EXERCISE PROMPT -> Transcribe each line of the material as it is, and drop any picture.

RAW DATA ->

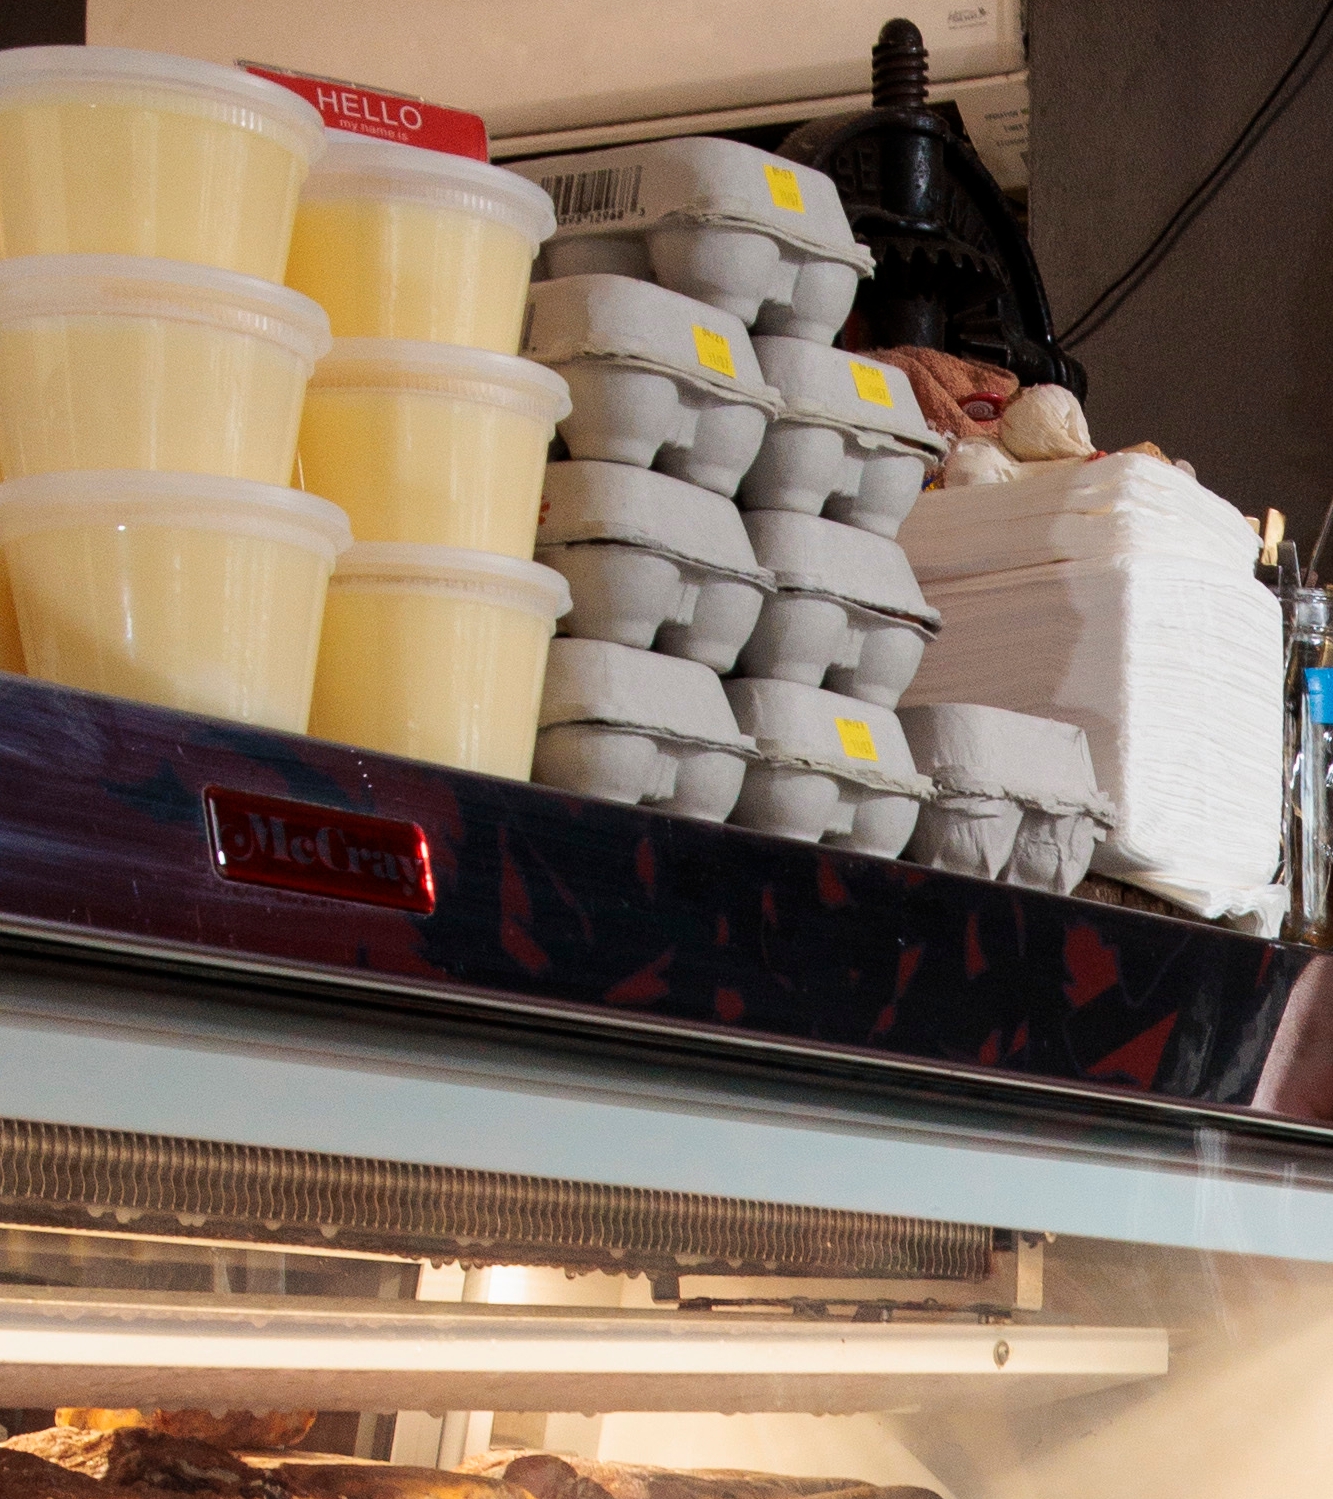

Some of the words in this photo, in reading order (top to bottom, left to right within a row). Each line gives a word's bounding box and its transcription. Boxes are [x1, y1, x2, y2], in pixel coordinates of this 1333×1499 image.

[316, 87, 423, 130] HELLO
[339, 118, 358, 134] my
[360, 123, 395, 138] name
[220, 811, 424, 897] McCray
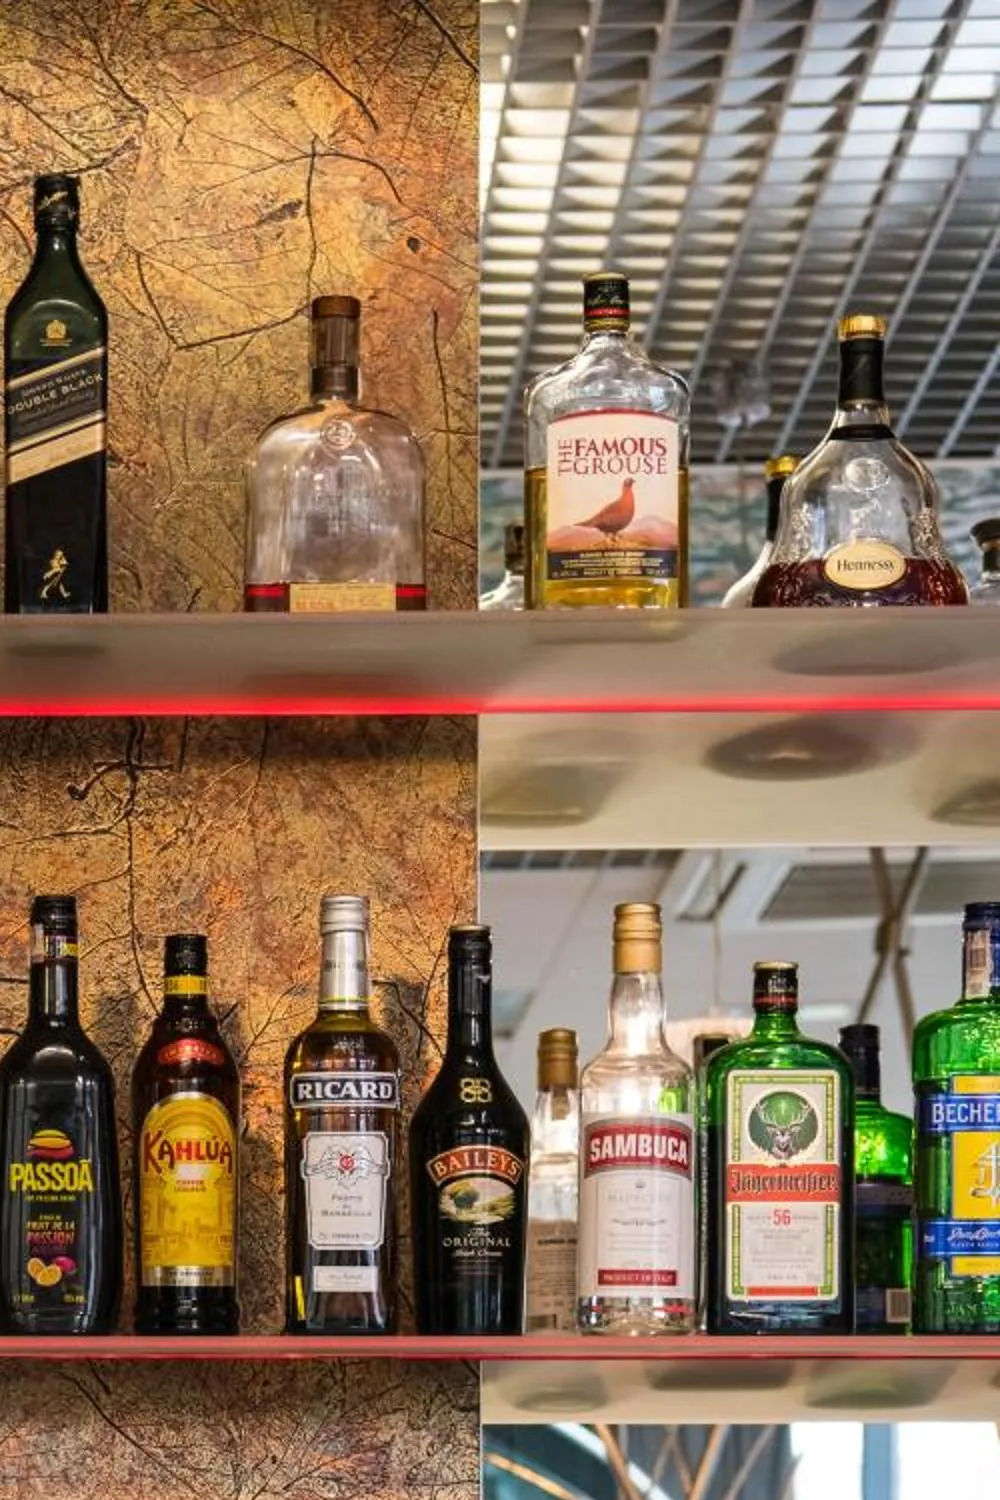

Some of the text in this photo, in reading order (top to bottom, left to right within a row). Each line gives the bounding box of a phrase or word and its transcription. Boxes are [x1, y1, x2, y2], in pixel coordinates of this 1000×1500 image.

[8, 390, 58, 415] DOUBLE
[60, 373, 103, 395] BLACK
[574, 437, 667, 457] FAMOUS
[558, 439, 572, 476] THE
[573, 457, 668, 475] GROUSE
[836, 557, 896, 573] Hennessy
[297, 1081, 393, 1100] RICARD
[144, 1130, 233, 1174] KAHLÚA
[590, 1133, 688, 1164] SAMBUCA
[434, 1150, 520, 1177] BAILEYS
[773, 1209, 792, 1226] 56
[442, 1236, 512, 1249] ORIGINAL
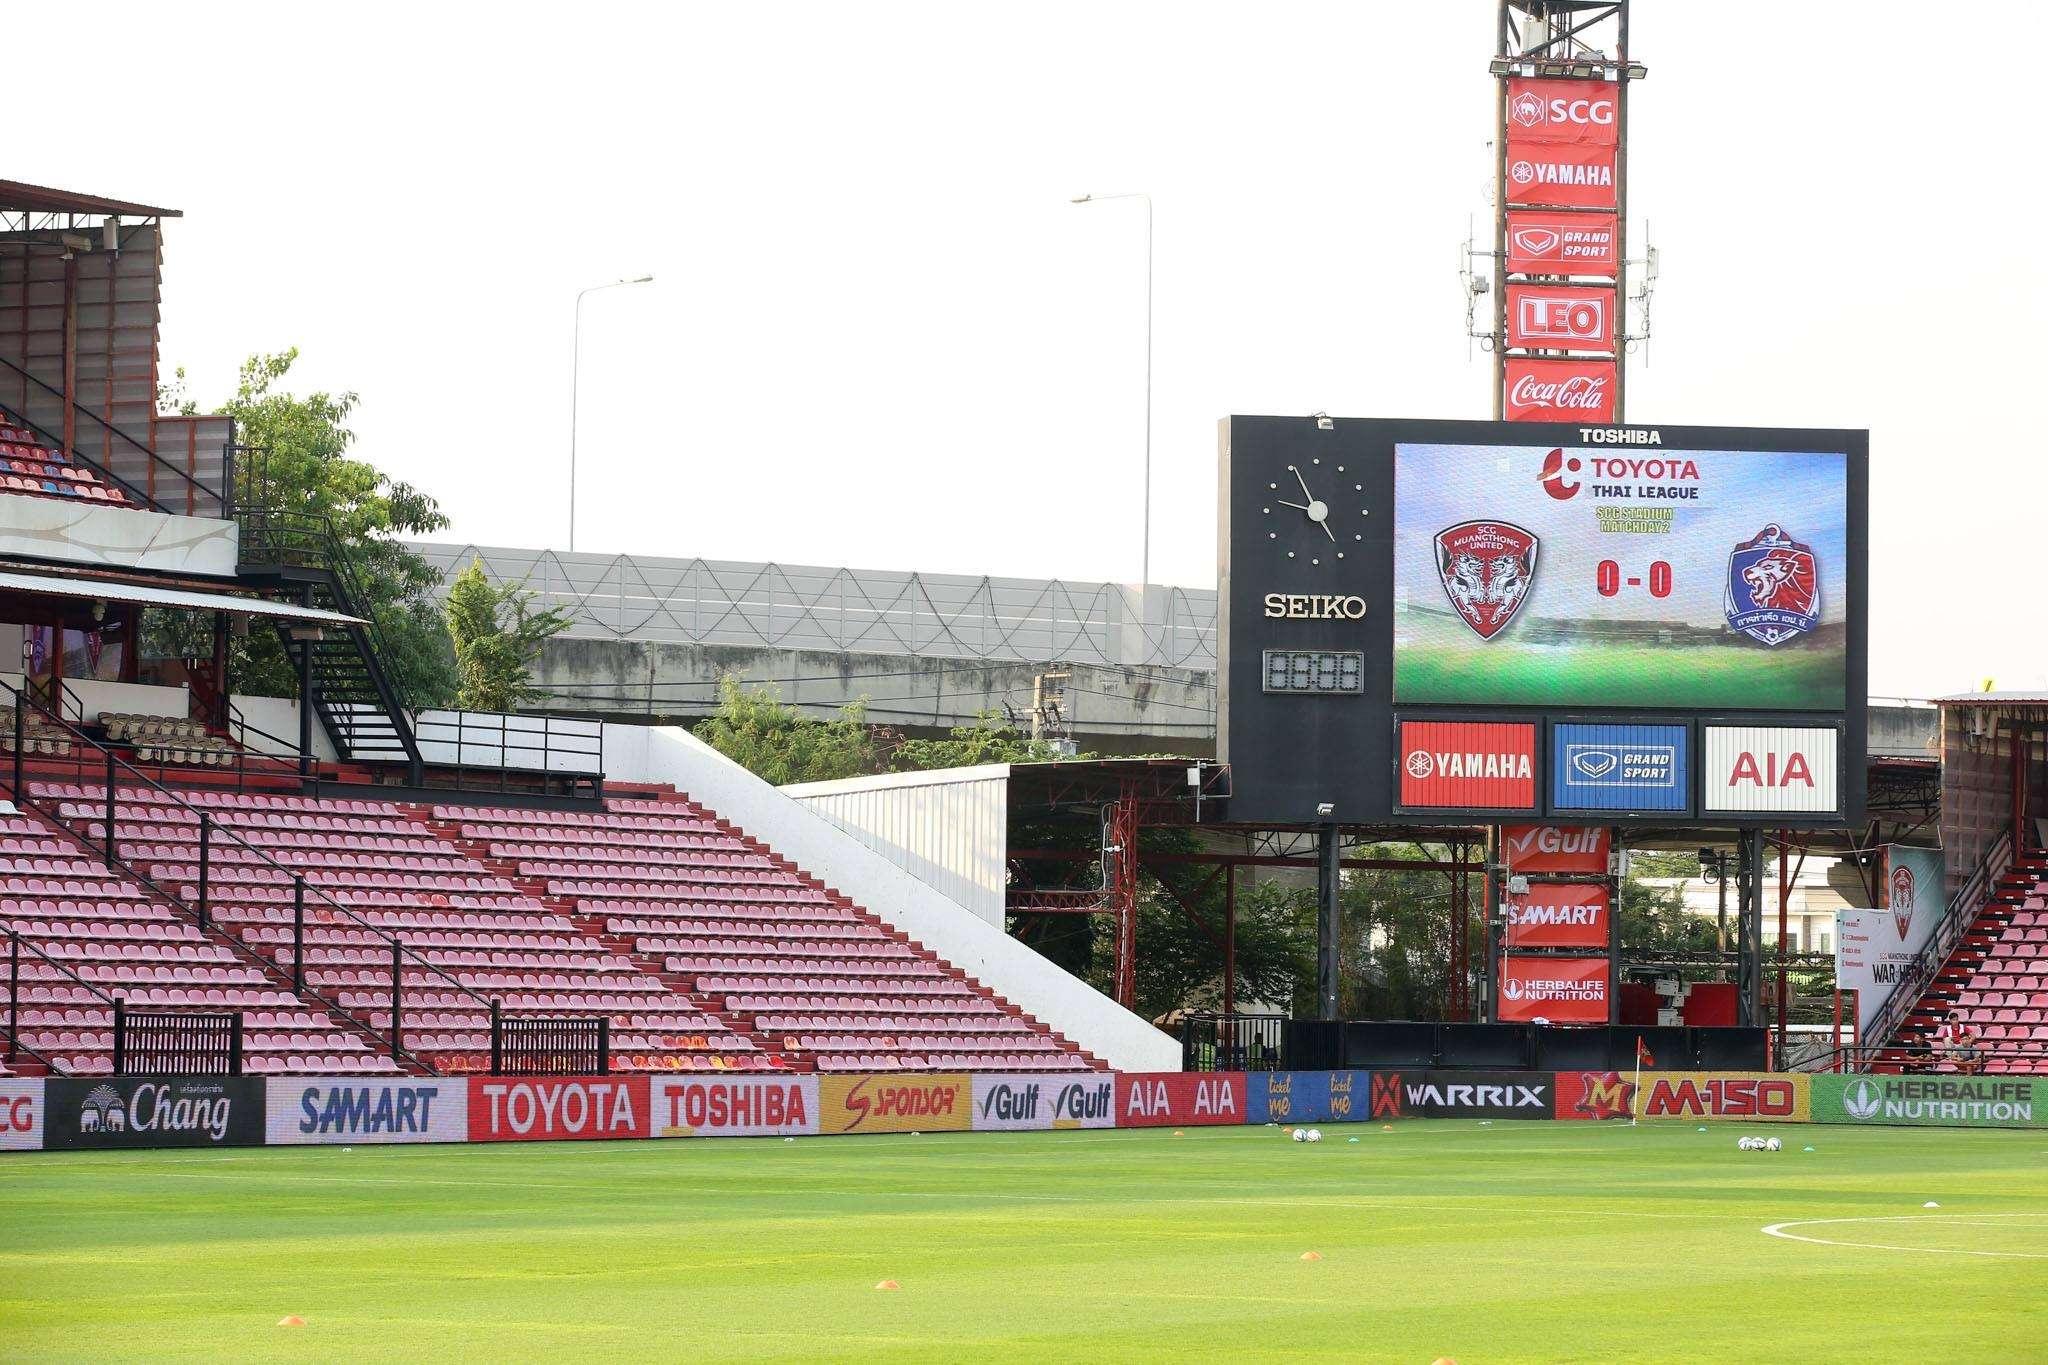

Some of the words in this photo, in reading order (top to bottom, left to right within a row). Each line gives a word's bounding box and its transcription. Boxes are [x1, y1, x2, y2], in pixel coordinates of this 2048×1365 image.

[1550, 99, 1613, 124] SCG
[1535, 163, 1611, 185] YAMAHA
[1564, 232, 1610, 243] GRAND
[1564, 246, 1608, 257] SPORT
[1522, 300, 1599, 336] LEO
[1579, 428, 1662, 444] TOSHIBA
[1591, 458, 1700, 480] TOYOTA
[1592, 485, 1632, 498] THAI
[1639, 486, 1699, 499] LEAGUE
[1596, 507, 1620, 519] SCG
[1622, 507, 1673, 520] STADIUM
[1477, 526, 1496, 534] SCG
[1600, 520, 1661, 533] MATCHDAY
[1454, 534, 1520, 548] MUANGTHONG
[1470, 541, 1504, 550] UNITED
[1264, 593, 1366, 619] SEIKO
[1437, 752, 1531, 779] YAMAHA
[1624, 754, 1669, 766] GRAND
[1728, 751, 1815, 787] AIA
[1624, 767, 1669, 778] SPORT
[1537, 826, 1601, 853] Gulf
[1508, 905, 1602, 925] SAMART
[1872, 963, 1896, 984] WAR
[1525, 980, 1603, 990] HERBALIFE
[1525, 991, 1603, 1000] NUTRITION
[1269, 1073, 1291, 1094] ticket
[1330, 1073, 1352, 1093] ticket
[1885, 1081, 2033, 1100] HERBALIFE
[996, 1084, 1038, 1120] Gulf
[1067, 1083, 1110, 1119] Gulf
[1127, 1080, 1170, 1117] AIA
[1194, 1080, 1235, 1115] AIA
[1331, 1096, 1351, 1115] me
[1406, 1084, 1546, 1107] WARRIX
[1645, 1079, 1796, 1116] M-150
[129, 1083, 231, 1141] Chang
[299, 1087, 438, 1134] SAMART
[483, 1083, 636, 1134] TOYOTA
[664, 1084, 806, 1128] TOSHIBA
[1269, 1097, 1290, 1116] me
[1885, 1101, 2033, 1121] NUTRITION

ANSWER ->
Some of the words in this photo, in reading order (top to bottom, left to right within a row). Each line gives a word's bounding box and its transcription. Boxes are [x1, y1, x2, y2], in pixel coordinates of this 1333×1499 image.

[316, 87, 423, 130] HELLO
[339, 118, 358, 134] my
[360, 123, 395, 138] name
[220, 811, 424, 897] McCray

Some of the text in this photo, in reading order (top to bottom, left to right within a row). Each line gives the bounding box of a phrase or word and its transcription. Boxes are [x1, y1, x2, y2], in pixel coordinates of this 1000×1500 image.

[8, 390, 58, 415] DOUBLE
[60, 373, 103, 395] BLACK
[574, 437, 667, 457] FAMOUS
[558, 439, 572, 476] THE
[573, 457, 668, 475] GROUSE
[836, 557, 896, 573] Hennessy
[297, 1081, 393, 1100] RICARD
[144, 1130, 233, 1174] KAHLÚA
[590, 1133, 688, 1164] SAMBUCA
[434, 1150, 520, 1177] BAILEYS
[773, 1209, 792, 1226] 56
[442, 1236, 512, 1249] ORIGINAL

Some of the words in this photo, in reading order (top to bottom, left to right within a row). Each line gives a word's bounding box and its transcription. Boxes are [x1, y1, x2, y2], in pixel coordinates of this 2048×1365 image.

[1550, 99, 1613, 124] SCG
[1535, 163, 1611, 185] YAMAHA
[1564, 232, 1610, 243] GRAND
[1564, 246, 1608, 257] SPORT
[1522, 300, 1599, 336] LEO
[1579, 428, 1662, 444] TOSHIBA
[1591, 458, 1700, 480] TOYOTA
[1592, 485, 1632, 498] THAI
[1639, 486, 1699, 499] LEAGUE
[1596, 507, 1620, 519] SCG
[1622, 507, 1673, 520] STADIUM
[1477, 526, 1496, 534] SCG
[1600, 520, 1661, 533] MATCHDAY
[1454, 534, 1520, 548] MUANGTHONG
[1470, 541, 1504, 550] UNITED
[1264, 593, 1366, 619] SEIKO
[1437, 752, 1531, 779] YAMAHA
[1624, 754, 1669, 766] GRAND
[1728, 751, 1815, 787] AIA
[1624, 767, 1669, 778] SPORT
[1537, 826, 1601, 853] Gulf
[1508, 905, 1602, 925] SAMART
[1872, 963, 1896, 984] WAR
[1525, 980, 1603, 990] HERBALIFE
[1525, 991, 1603, 1000] NUTRITION
[1269, 1073, 1291, 1094] ticket
[1330, 1073, 1352, 1093] ticket
[1885, 1081, 2033, 1100] HERBALIFE
[996, 1084, 1038, 1120] Gulf
[1067, 1083, 1110, 1119] Gulf
[1127, 1080, 1170, 1117] AIA
[1194, 1080, 1235, 1115] AIA
[1331, 1096, 1351, 1115] me
[1406, 1084, 1546, 1107] WARRIX
[1645, 1079, 1796, 1116] M-150
[129, 1083, 231, 1141] Chang
[299, 1087, 438, 1134] SAMART
[483, 1083, 636, 1134] TOYOTA
[664, 1084, 806, 1128] TOSHIBA
[1269, 1097, 1290, 1116] me
[1885, 1101, 2033, 1121] NUTRITION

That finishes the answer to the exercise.